La corde enroulée en travers du torse, sous son manteau, donnait à Nipul une allure de bossu, qu'il renforçait en adoptant une démarche claudicante, plié en deux vers l'avant. Ainsi positionné, aucun passant ne pouvait percevoir les traits qui se dissimulaient sous sa capuche. Le succès ne lui montait pas à la tête, mais il se sentait tout de même heureux d'avoir si bien mis en pratique les compétences acquises au prix de longues et douloureuses séances d'entraînement : sa satisfaction se teintait de fierté, celle que ressent un individu capable de voler de ses propres ailes, débarrassé du poids des obligations. Mais cet argent n'était pas encore sa propriété : virtuellement, il était déjà dans la poche de l'Homme.
(150 pièces d'or ! Mais à quoi pensait-il ? 150 yus ? Et d'où je tire tout ça moi ? En tout cas, lui il ne risquait pas de les sortir de ses foutues poches, percées et plus vides que les orbites des crânes de ses ancêtres... Lui qui râlait toujours qu'il voulait crever dans son lit, et pas dans la rue... Eh ben voilà que son souhait sera exaucé, mais ce ne seront ni la crève, ni la vieillesse qui l'emporteront. Si je me débrouille bien, je pourrai régler toute cette histoire sans que le Guérisseur ait à en souffrir, ni Barnabé. Mais après un coup pareil, plus la peine de compter sur moi. Je me débrouillerai. 32 yus ! Mazette ! Mais avec ça j'aurais pu me payer une chambre pour le mois ! Et de la nourriture ! Et de l'eau ! Ce vieil ivrogne m'a au moins appris deux trois trucs utiles, et c'est bien pour ça que je paye sa dette. Sans ça... sans ça il aurait pu aller se faire poignarder sans que ça ne me fasse rien...) Ralenti par l'attitude trompeuse qu'il empruntait, ses pas le menaient vers le temple de Meno, par les chemins les plus longs : il n'hésitait pas à faire des détours pour emprunter à la fois ruelles de traverses et rues fréquentées. Il ne désespérait pas de croiser la bonne personne au bon moment, celle qu'il suffirait de bousculer, en poussant des hurlements de possédés, pour s'emparer de sa bourse. Les gens n'aiment guère les gens différents, ils préfèraient s'en éloigner le plus possible, mettre une distance suffisante entre eux et ces horreurs, comme si les afflictions qu'ils honnissaient pouvaient être contagieuses. Comme si on pouvait attraper la bosse d'un bossu...

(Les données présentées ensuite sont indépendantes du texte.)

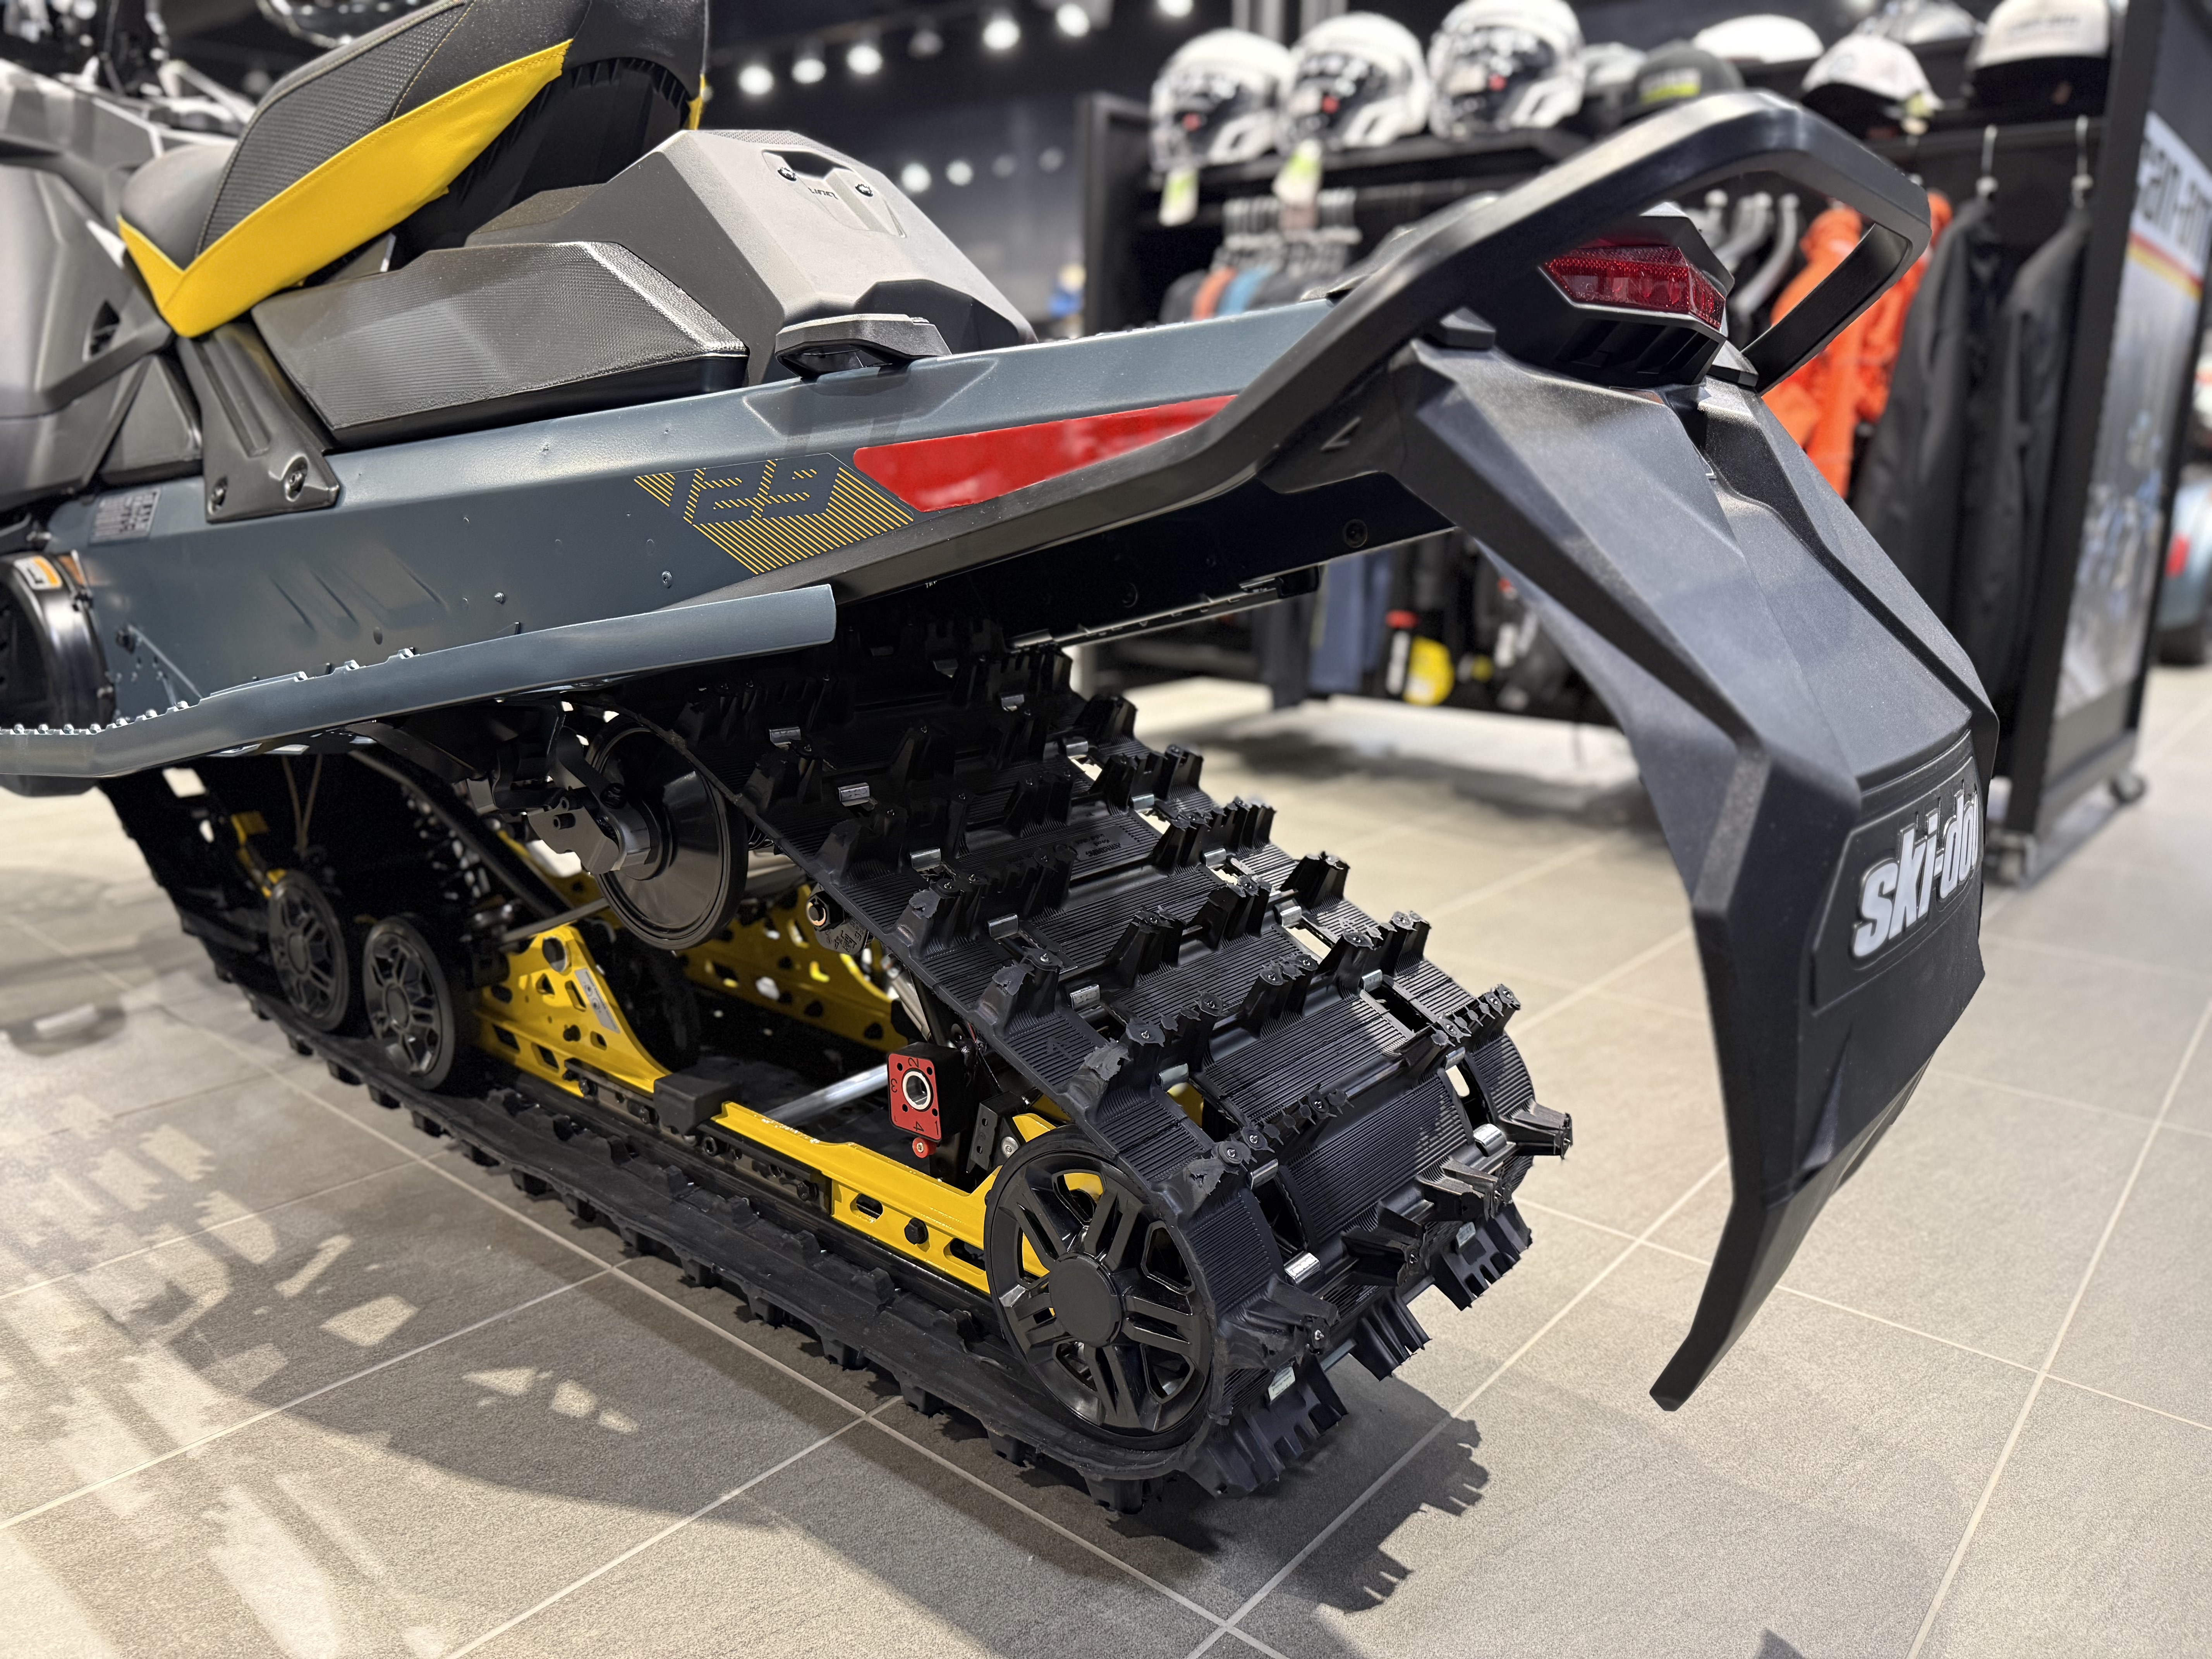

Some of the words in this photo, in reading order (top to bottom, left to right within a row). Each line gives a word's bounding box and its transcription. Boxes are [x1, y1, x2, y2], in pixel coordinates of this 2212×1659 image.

Une femme, dans une rue de bonne largeur, sans trop de passage, et pour l'heure aucun, se montra être une cible de choix. Nipul la laissa aller : il n'aimait pas malmener les femmes, surtout celles qui n'avaient pas l'air trop riches. Un de ses rares principes, auquel il s'efforçait de se tenir, jusque là avec succès. Deux rues plus loin, une nouvelle occasion se présenta de mettre à contribution ses mains lestes.
« AAAAAAAAAAAAAH ! BARRDAAAAAAAAAAAAAAA ! GRAAAAAAAAAAAAAAAEEEEEEEEEEEEEEEEEEK ! KRÉÉÉÉÉZAAAAAARKAAAAAAAAABAAAAAAARK ! » S'agissait-t-il du commis d'un riche marchand ? D'un garçon de bonne famille ? Nipul l'ignorait et s'en fichait comme de sa première plaie : il paraissait avoir de l'argent, rien d'autre ne comptait, aussi passa-t-il à l'action sans hésiter. Ses hurlements pétrifièrent le jeune homme, qui vit foncer vers lui une forme répugnante, noire, vaguement indistincte sous les rideaux de pluie déversés par le ciel. Nipul le heurta de plein fouet, et ils s'emêlèrent dans leurs capes respectives. L'albinos en profita pour plonger subrepticement ses mains dans les vêtements de sa cible.